Friday, 21 January 2011

31 North 62 East

31 North 62 East was released in selected cinemas in 2009 and made it to DVD in September 2010 - I got it for Christmas purely because it features former Quizmania presenter Debbie King as a newsreader in one scene, and I'm a fan.

Now, it's worth being honest about the reasons why 31 North 62 East is what it is. It's an independent movie, so it didn't have the weight of the major studios behind it. Its budget was little more than $3 million, if Wikipedia is accurate. But operating on a shoestring, you get a decent amount in terms of plot and production. Filming was spread across the UK and Jordan, while there are plenty of familiar faces - even if some of them are not quite perfect for the parts they play. The plot itself has quite a few phases to it, which keep the pace up in the absence of any proper Hollywood money shots - the big action is always tantalisingly off-screen, obviously for budgetary reasons.

High Points

It would be easy to criticise 31 North 62 East for the weaknesses introduced by its budget, but if you look at it in the context of its independent nature, it's actually not all that bad. John Rhys-Davies gives a decent, and strangely believable performance as a prime minister with more than a passing resemblance to Gordon Brown.

Heather Peace is a strong-willed yet sympathetic protagonist in the central plot - an incident that occurs at the coordinates which give the movie its title. I'm not a fan of spoiling plots, but I will say that the first portion of the film, set in Afghanistan, is the weakest in terms of set design but has more than its share of squirm-in-your-seat moments for the right reasons.

Marina Sirtis is much less two-dimensional in this film than she ever was in Star Trek: The Next Generation, and particularly comes into her own towards the end. And of course, the cameo from Debbie King adds her unique brand of televisual sunshine into what is, at times, a generally dark film.

The Verdict

At its most basic level, there are plenty of strengths to this movie - its plot is no fundamentally weaker than those of, say, Spy Game and The Quiet American.

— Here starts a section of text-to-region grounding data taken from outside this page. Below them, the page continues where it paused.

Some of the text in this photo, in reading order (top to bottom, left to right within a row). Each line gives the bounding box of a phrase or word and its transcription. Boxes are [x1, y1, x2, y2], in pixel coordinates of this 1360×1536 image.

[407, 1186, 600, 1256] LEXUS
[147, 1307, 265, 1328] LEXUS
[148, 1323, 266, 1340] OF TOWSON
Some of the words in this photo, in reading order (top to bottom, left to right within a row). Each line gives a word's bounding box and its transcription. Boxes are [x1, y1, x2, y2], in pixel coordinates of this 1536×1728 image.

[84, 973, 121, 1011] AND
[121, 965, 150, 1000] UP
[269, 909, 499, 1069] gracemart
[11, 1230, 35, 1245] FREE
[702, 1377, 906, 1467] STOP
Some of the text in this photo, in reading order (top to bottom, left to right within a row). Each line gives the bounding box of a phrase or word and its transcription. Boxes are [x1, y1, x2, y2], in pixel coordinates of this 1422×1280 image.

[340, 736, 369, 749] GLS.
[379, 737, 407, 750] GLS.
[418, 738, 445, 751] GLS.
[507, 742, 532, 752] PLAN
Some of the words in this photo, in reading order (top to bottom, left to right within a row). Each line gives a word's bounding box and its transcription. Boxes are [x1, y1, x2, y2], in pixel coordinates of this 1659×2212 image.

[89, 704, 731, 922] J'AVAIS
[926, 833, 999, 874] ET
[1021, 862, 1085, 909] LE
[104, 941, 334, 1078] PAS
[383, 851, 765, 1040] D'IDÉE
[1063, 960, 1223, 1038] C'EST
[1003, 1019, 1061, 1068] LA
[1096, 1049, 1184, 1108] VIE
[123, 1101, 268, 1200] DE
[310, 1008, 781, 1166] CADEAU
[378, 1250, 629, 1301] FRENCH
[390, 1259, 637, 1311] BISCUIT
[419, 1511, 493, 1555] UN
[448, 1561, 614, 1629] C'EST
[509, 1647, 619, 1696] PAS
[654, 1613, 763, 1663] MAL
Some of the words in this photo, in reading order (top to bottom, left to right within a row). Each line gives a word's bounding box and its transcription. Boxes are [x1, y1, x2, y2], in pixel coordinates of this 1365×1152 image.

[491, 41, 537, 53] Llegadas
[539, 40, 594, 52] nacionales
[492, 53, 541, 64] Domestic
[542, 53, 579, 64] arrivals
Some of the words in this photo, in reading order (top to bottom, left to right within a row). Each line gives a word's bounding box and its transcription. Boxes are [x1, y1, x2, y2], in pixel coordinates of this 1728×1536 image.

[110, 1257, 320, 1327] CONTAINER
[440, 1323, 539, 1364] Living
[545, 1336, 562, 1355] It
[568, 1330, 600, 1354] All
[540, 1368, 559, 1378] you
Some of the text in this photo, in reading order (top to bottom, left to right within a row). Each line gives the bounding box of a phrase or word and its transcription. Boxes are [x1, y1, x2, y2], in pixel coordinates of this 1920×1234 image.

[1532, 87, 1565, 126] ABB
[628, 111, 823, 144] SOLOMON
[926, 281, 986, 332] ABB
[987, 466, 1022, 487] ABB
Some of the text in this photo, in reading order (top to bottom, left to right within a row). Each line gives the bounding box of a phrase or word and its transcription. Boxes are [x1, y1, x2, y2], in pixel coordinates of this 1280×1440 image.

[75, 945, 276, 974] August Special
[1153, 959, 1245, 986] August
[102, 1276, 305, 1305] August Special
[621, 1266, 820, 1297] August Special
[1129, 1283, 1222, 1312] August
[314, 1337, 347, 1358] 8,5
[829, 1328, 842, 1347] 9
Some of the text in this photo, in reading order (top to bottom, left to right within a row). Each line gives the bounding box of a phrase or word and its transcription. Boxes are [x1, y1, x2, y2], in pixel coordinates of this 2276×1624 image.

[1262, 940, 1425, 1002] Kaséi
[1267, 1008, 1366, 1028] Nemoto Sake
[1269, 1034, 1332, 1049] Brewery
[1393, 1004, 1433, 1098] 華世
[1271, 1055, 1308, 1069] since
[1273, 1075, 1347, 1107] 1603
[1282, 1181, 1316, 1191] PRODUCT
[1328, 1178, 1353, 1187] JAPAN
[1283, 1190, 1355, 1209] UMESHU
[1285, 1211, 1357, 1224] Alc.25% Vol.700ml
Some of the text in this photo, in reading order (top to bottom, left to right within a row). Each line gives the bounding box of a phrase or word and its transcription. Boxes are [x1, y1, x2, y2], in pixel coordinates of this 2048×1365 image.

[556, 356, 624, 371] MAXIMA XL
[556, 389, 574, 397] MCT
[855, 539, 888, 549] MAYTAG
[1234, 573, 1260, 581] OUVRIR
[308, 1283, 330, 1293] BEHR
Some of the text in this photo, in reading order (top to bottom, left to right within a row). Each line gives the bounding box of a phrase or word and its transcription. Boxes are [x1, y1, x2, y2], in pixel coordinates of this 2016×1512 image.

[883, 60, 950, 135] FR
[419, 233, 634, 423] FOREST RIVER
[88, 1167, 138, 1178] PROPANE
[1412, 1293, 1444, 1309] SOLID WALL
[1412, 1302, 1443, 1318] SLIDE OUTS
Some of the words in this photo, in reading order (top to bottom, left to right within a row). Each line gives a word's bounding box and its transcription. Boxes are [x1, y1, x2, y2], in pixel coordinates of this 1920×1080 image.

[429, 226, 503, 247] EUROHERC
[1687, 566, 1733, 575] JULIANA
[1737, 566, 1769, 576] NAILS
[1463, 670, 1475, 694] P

There are a few lines of dialogue that could be better - and one too many phone calls where the audience only hears one side of the conversation and the plot isn't really advanced at all. But the structure of the movie is reasonably sound and it actually is enjoyable to watch.

I would advise that, if you are going to watch 31 North 62 East, you admit to yourself from the beginning that it's not a Hollywood blockbuster - and was never going to be - but instead is a showcase of decent performances from a truly diverse cast, within the limits of the scale of production involved.